**Extracted entries**
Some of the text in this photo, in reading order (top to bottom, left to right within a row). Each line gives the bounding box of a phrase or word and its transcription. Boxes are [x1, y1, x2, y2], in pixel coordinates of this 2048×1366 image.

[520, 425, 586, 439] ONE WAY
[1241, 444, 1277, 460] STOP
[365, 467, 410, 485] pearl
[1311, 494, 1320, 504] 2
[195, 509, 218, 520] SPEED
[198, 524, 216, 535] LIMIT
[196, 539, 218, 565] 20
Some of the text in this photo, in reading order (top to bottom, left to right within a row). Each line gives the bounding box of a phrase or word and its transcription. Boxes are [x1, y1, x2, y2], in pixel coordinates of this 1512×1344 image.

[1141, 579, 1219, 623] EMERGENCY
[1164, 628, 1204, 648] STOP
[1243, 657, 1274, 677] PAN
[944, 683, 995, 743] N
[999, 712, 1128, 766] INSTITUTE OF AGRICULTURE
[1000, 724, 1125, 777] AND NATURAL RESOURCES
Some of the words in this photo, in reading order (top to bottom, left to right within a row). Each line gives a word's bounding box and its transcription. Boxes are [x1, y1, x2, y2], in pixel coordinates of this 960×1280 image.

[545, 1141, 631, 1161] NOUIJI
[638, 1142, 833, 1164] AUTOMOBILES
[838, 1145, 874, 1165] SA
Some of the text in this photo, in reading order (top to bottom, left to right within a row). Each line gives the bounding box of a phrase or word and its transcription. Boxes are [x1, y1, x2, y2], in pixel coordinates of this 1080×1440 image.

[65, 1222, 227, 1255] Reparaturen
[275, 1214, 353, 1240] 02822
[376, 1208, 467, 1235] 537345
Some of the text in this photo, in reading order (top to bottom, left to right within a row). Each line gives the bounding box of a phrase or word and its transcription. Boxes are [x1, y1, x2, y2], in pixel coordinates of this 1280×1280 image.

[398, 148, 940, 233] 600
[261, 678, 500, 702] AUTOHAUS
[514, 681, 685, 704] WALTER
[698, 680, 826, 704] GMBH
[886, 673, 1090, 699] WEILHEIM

**Task**
Return the full listing unchanged.

**Output**
Some of the text in this photo, in reading order (top to bottom, left to right within a row). Each line gives the bounding box of a phrase or word and its transcription. Boxes are [x1, y1, x2, y2], in pixel coordinates of this 2048×1366 image.

[520, 425, 586, 439] ONE WAY
[1241, 444, 1277, 460] STOP
[365, 467, 410, 485] pearl
[1311, 494, 1320, 504] 2
[195, 509, 218, 520] SPEED
[198, 524, 216, 535] LIMIT
[196, 539, 218, 565] 20
Some of the text in this photo, in reading order (top to bottom, left to right within a row). Each line gives the bounding box of a phrase or word and its transcription. Boxes are [x1, y1, x2, y2], in pixel coordinates of this 1512×1344 image.

[1141, 579, 1219, 623] EMERGENCY
[1164, 628, 1204, 648] STOP
[1243, 657, 1274, 677] PAN
[944, 683, 995, 743] N
[999, 712, 1128, 766] INSTITUTE OF AGRICULTURE
[1000, 724, 1125, 777] AND NATURAL RESOURCES
Some of the words in this photo, in reading order (top to bottom, left to right within a row). Each line gives a word's bounding box and its transcription. Boxes are [x1, y1, x2, y2], in pixel coordinates of this 960×1280 image.

[545, 1141, 631, 1161] NOUIJI
[638, 1142, 833, 1164] AUTOMOBILES
[838, 1145, 874, 1165] SA
Some of the text in this photo, in reading order (top to bottom, left to right within a row). Each line gives the bounding box of a phrase or word and its transcription. Boxes are [x1, y1, x2, y2], in pixel coordinates of this 1080×1440 image.

[65, 1222, 227, 1255] Reparaturen
[275, 1214, 353, 1240] 02822
[376, 1208, 467, 1235] 537345
Some of the text in this photo, in reading order (top to bottom, left to right within a row). Each line gives the bounding box of a phrase or word and its transcription. Boxes are [x1, y1, x2, y2], in pixel coordinates of this 1280×1280 image.

[398, 148, 940, 233] 600
[261, 678, 500, 702] AUTOHAUS
[514, 681, 685, 704] WALTER
[698, 680, 826, 704] GMBH
[886, 673, 1090, 699] WEILHEIM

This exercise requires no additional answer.